We may assume that $I$ is maximal with $D(I) >1$. If $I$ is maximal and $V(I)$ is not contained in a line, then $V(I)$ is just three points in a triangle and and $I$ is the ideal of those $3$ points. If $I$ is contained on a line, then it either has two points, one with non-reduced structure pushing slightly off the line $(x,y^2)(x-1,y)$ or has one double point $(x^2,xy,y^2)$.

Now in each case we can do this fairly explicitly. For $3$ points, $I^n$ is the ideal of functions vanishing of order $n$ at those $3$ points. This contains a function of degree $(3/2)n$, which is the product of powers of the lines through the points.

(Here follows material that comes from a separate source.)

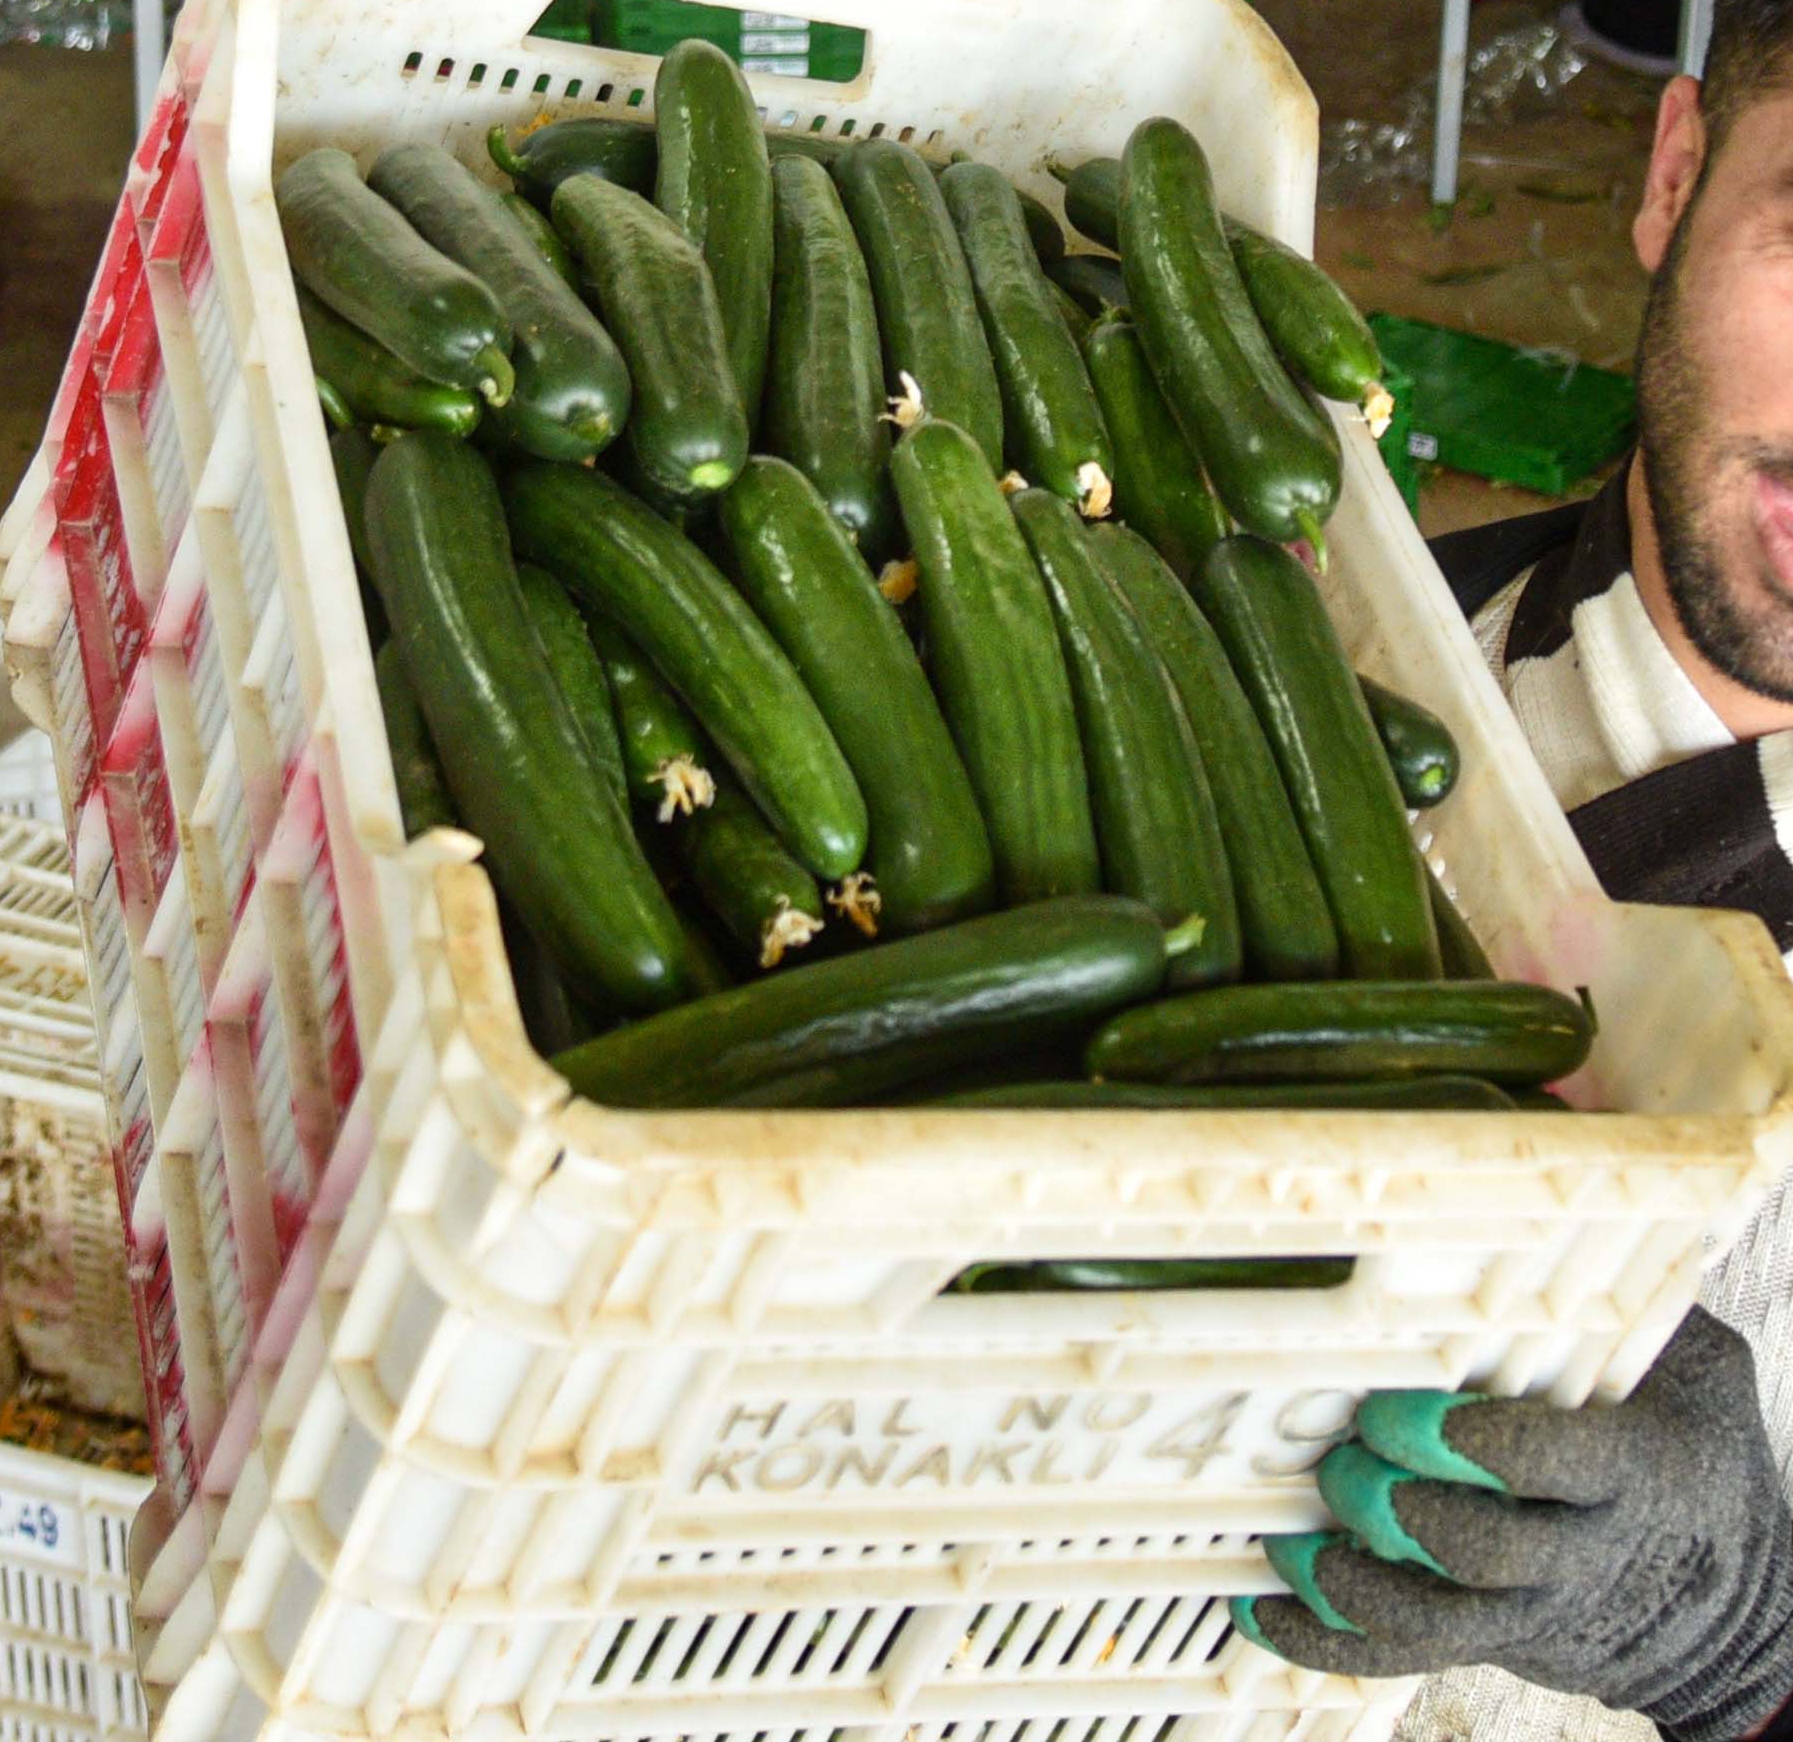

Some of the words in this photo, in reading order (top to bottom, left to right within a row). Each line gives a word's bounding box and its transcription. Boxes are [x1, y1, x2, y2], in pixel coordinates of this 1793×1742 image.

[717, 1391, 927, 1442] HAL
[996, 1390, 1152, 1434] NO
[691, 1437, 1122, 1495] KONAKLI

This is optimal, because given a polynomial $f$, which is the first line raised to the power $a$ times a polynomial of degree $d-a$, the polynomial of degree $d-a$ must intersect the two points on the first line with multiplicity $n-a$, so $d-a \geq 2(n-a)$ and if $d \leq (3/2) n$, $a \geq n/2$. Then the same is true for the multiplicity of the other $3$ lines, hence $d \geq 3n/2$.

For one point with multiplicity $1$ and one point with multiplicity $2$,  we can again manage $(3/2)n$ , with the polynomial $y^n x^{n/2}$. Conversely if the degree is at most $(3/2)n$ the intersection multiplicity with the line $x$ is at least $2n$ so by the same logic the polynomial contains a factor of $x^{n/2}$. The remainder of the polynomial must vanish to order $n$ at $(1,0)$ hence have degree at least $n$, so the minimum is $(3/2)n$.

For the last case, $I^n$ is a homogeneous ideal generated by everything with degree above $2n$.

So we see if $D(I^n) < (3/2)n$, then $D(I)=1$.